> TASK DESCRIPTION: Images in the entries are to be skipped, and everything else is to be written out exactly.

:: PROVIDED MATERIAL ::

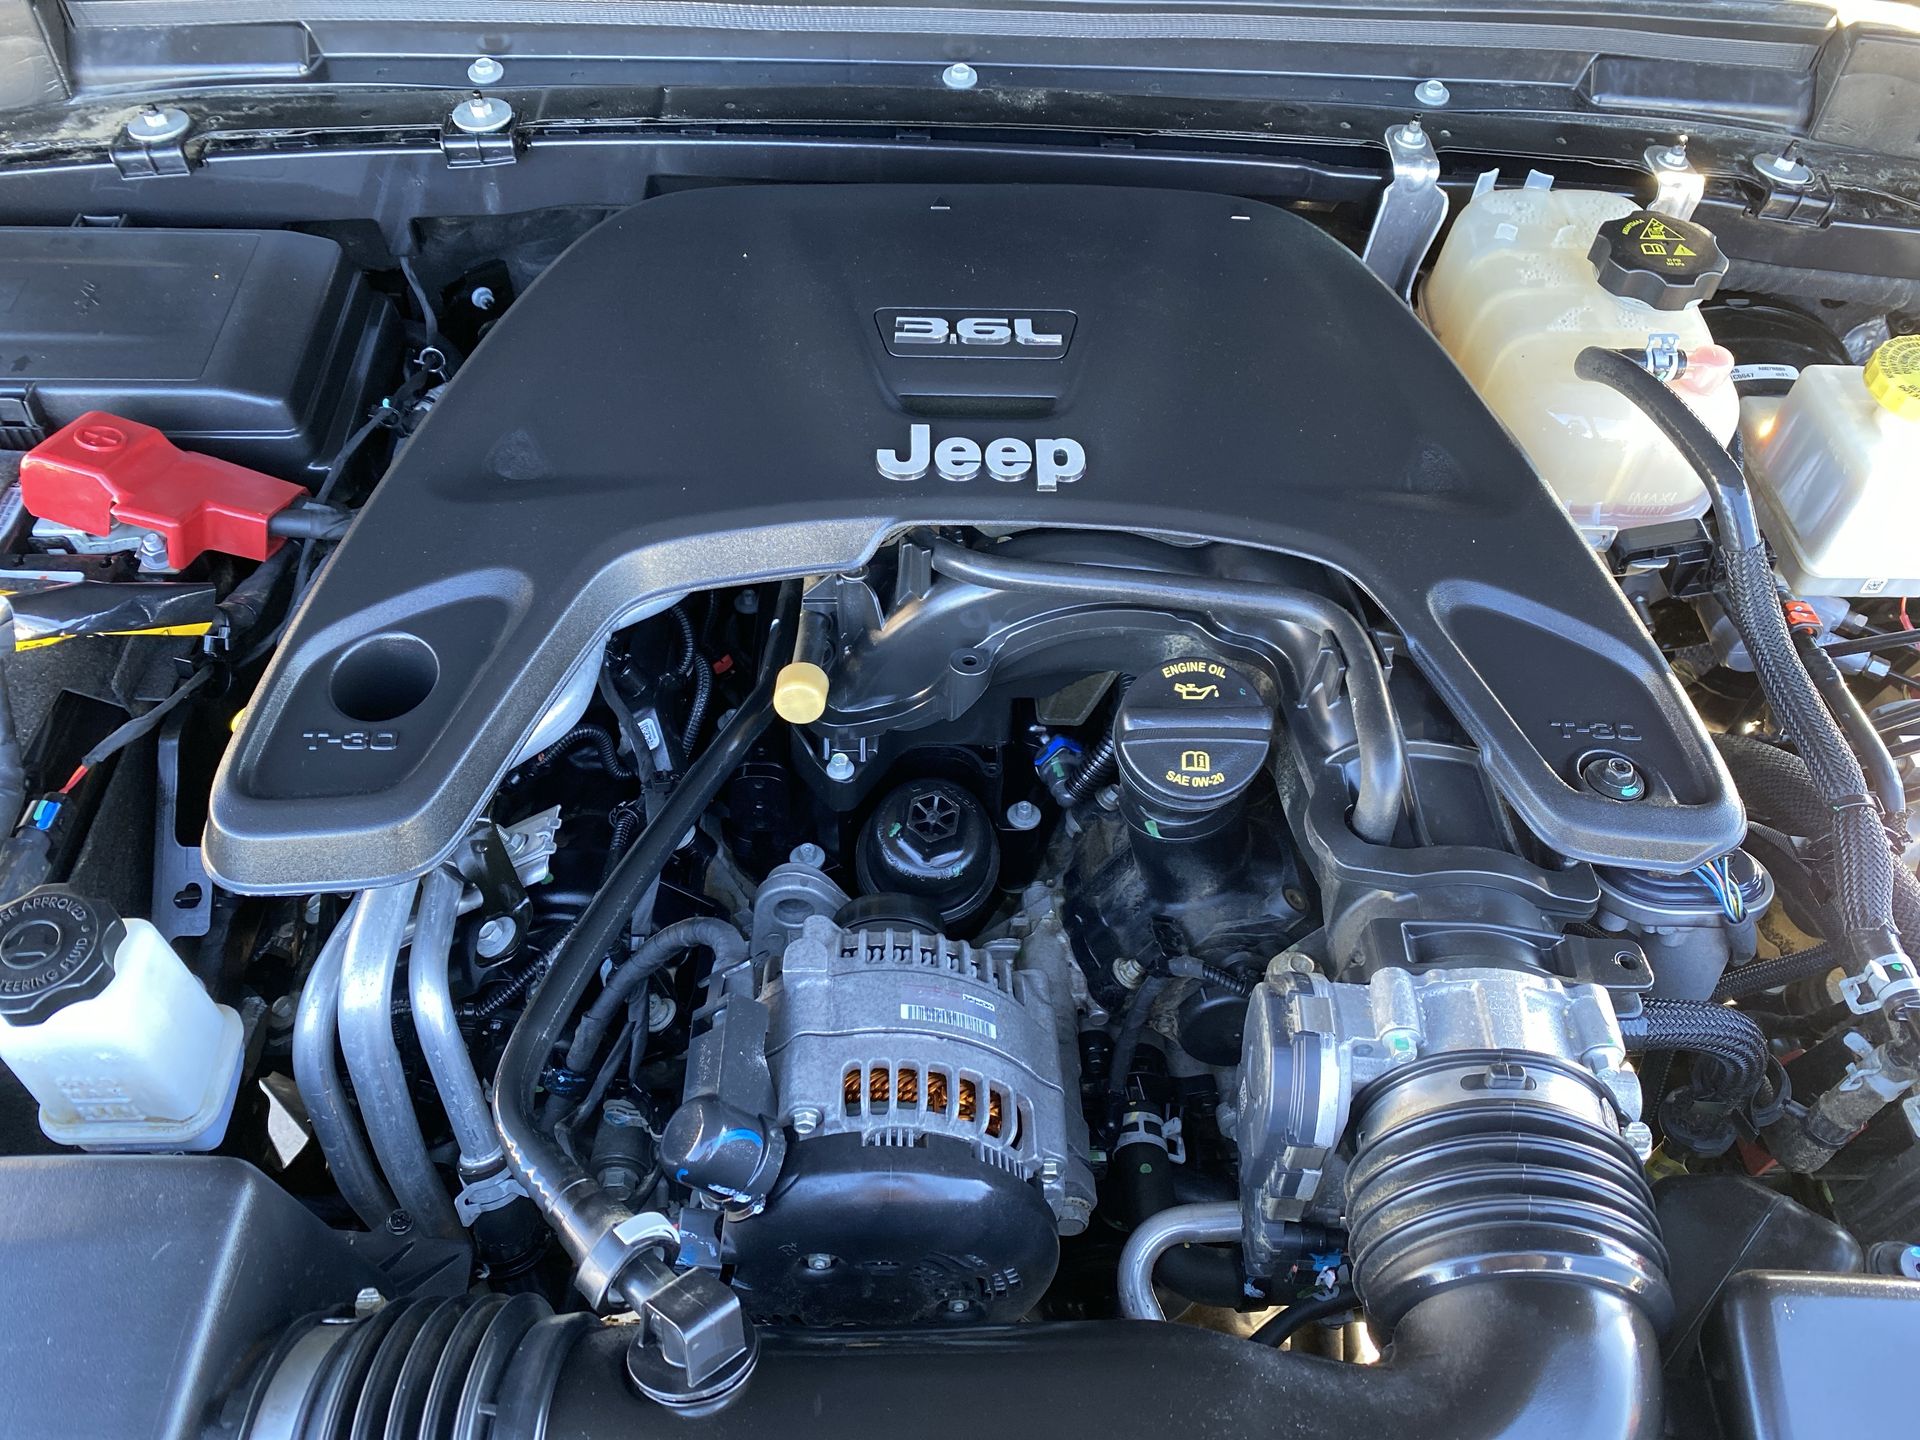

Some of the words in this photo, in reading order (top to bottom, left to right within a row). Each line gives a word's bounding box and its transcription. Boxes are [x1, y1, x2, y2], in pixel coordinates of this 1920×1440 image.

[894, 316, 1063, 345] 3.6L
[876, 424, 1087, 492] Jeep
[1161, 661, 1207, 679] ENGINE
[1208, 664, 1227, 679] OIL
[302, 731, 399, 751] T-30
[1165, 770, 1191, 787] SAE
[1191, 772, 1226, 788] 0W-20
[21, 896, 88, 922] APPROVED
[60, 937, 88, 972] FLUID
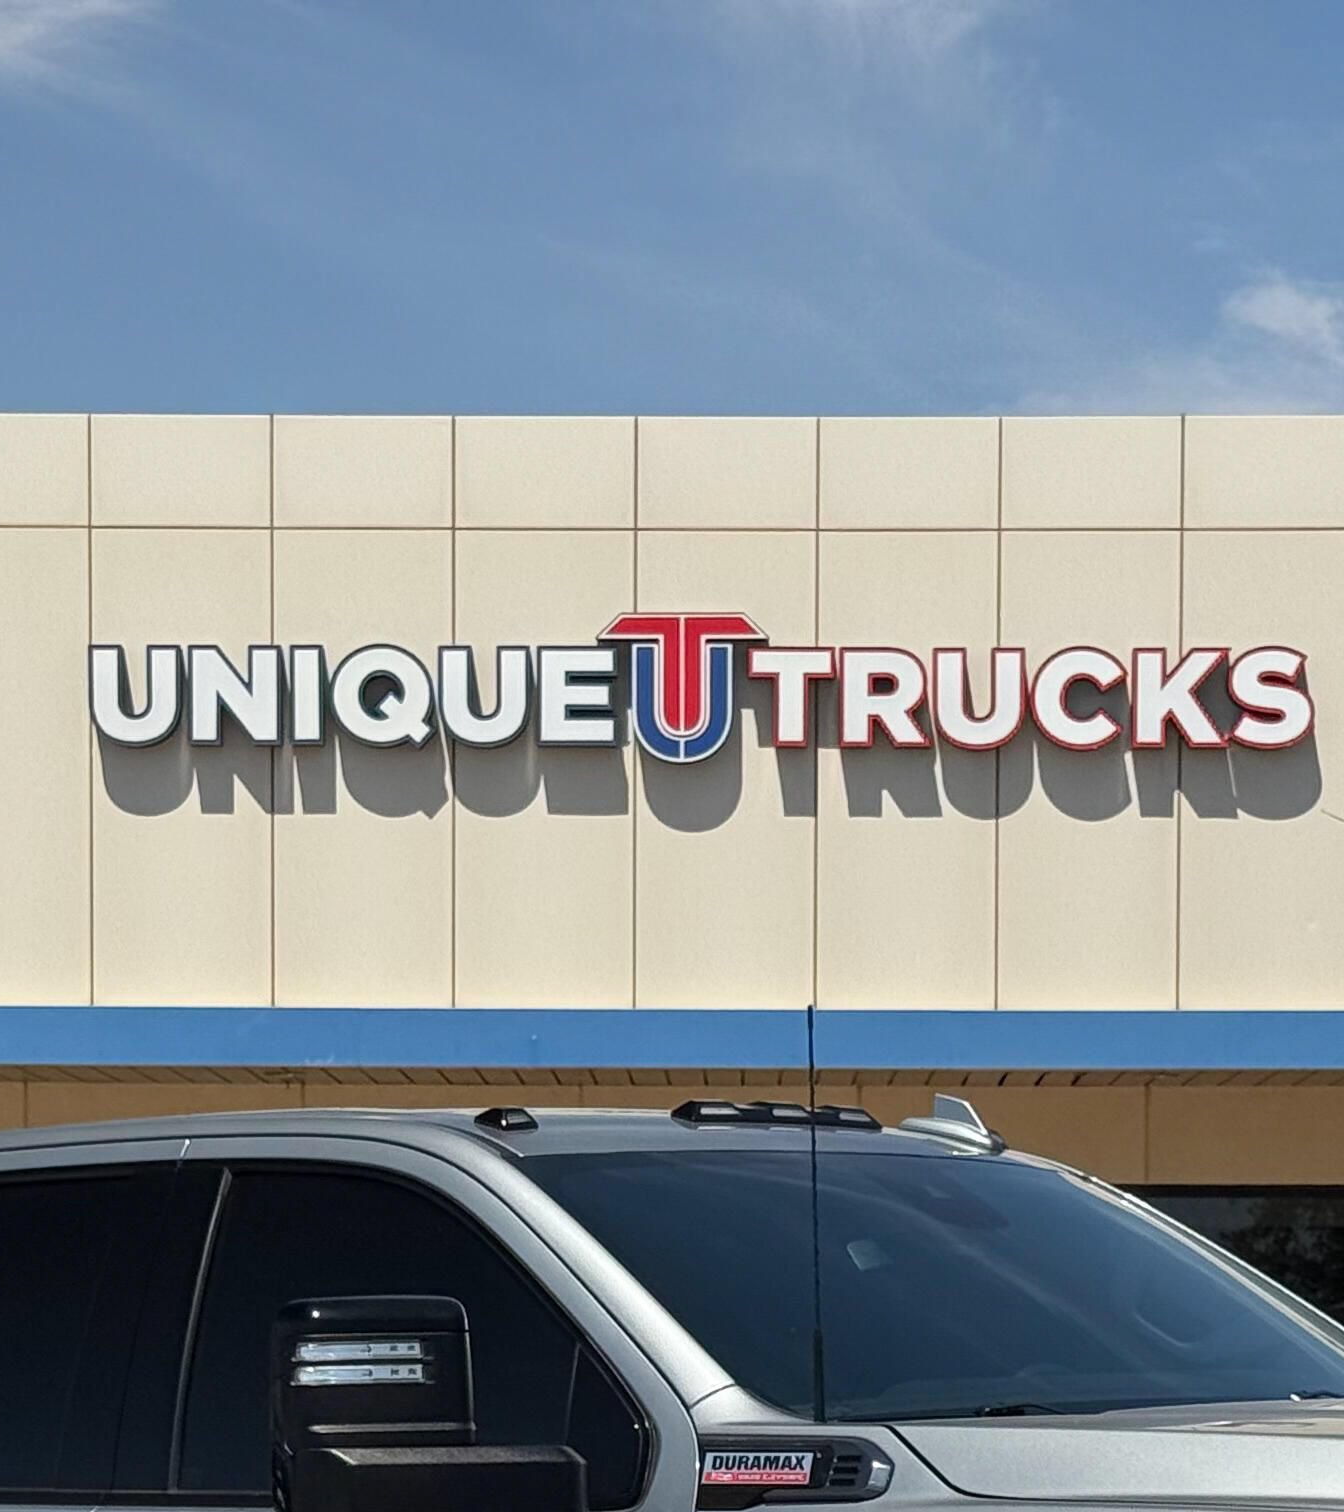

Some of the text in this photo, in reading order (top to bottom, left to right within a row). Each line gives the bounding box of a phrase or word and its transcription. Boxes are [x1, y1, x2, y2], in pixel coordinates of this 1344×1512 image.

[89, 645, 621, 748] UNIQUE
[748, 646, 1316, 750] TRUCKS
[711, 1455, 806, 1471] DURAMAX
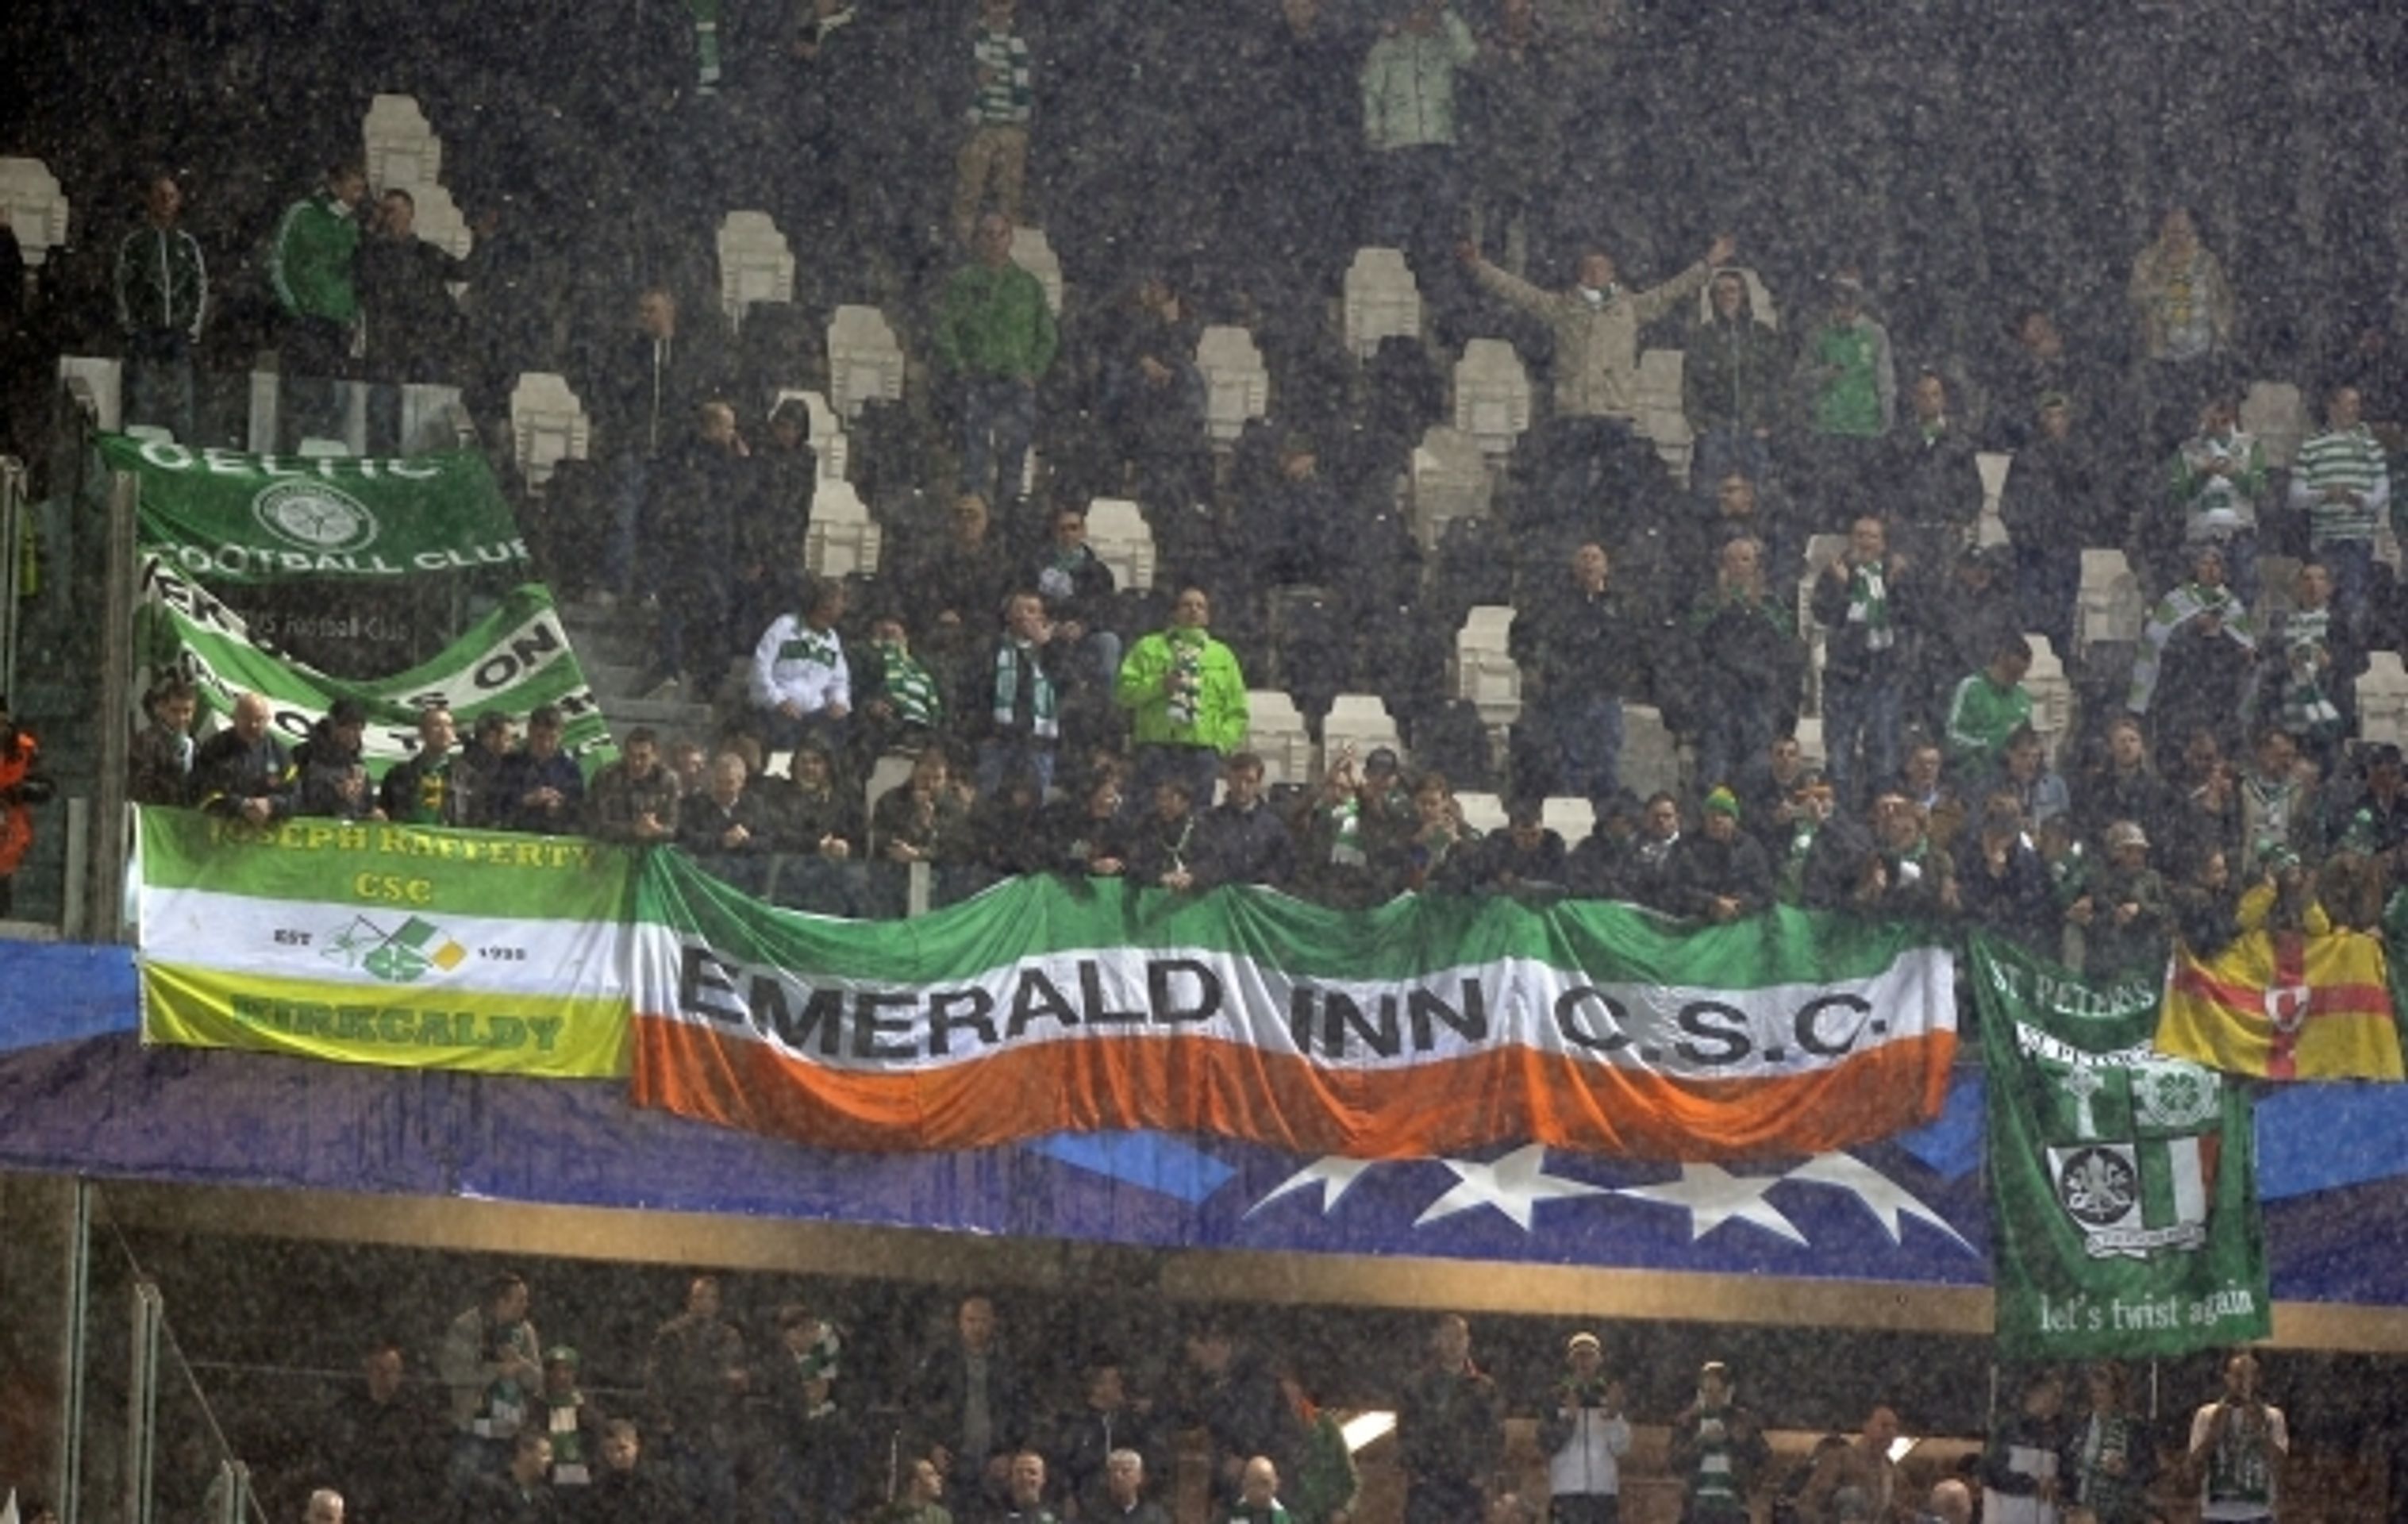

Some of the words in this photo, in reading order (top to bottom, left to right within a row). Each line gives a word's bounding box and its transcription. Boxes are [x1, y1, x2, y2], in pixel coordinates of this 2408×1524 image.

:::

> COMPLETED TASK:
Some of the words in this photo, in reading order (top to bottom, left to right within a row). Each line gives a word's bounding box and its transcription. Boxes are [x1, y1, x2, y2], in pixel coordinates of this 1920×1440 image.

[894, 316, 1063, 345] 3.6L
[876, 424, 1087, 492] Jeep
[1161, 661, 1207, 679] ENGINE
[1208, 664, 1227, 679] OIL
[302, 731, 399, 751] T-30
[1165, 770, 1191, 787] SAE
[1191, 772, 1226, 788] 0W-20
[21, 896, 88, 922] APPROVED
[60, 937, 88, 972] FLUID

Some of the text in this photo, in reading order (top to bottom, left to right within a row). Each line gives the bounding box of a phrase or word and its transcription. Boxes are [x1, y1, x2, y2], in pixel coordinates of this 1344×1512 image.

[89, 645, 621, 748] UNIQUE
[748, 646, 1316, 750] TRUCKS
[711, 1455, 806, 1471] DURAMAX

Some of the words in this photo, in reading order (top to bottom, left to right within a row). Each line gives a word's bounding box and its transcription. Boxes are [x1, y1, x2, y2], in pixel coordinates of this 2408×1524 image.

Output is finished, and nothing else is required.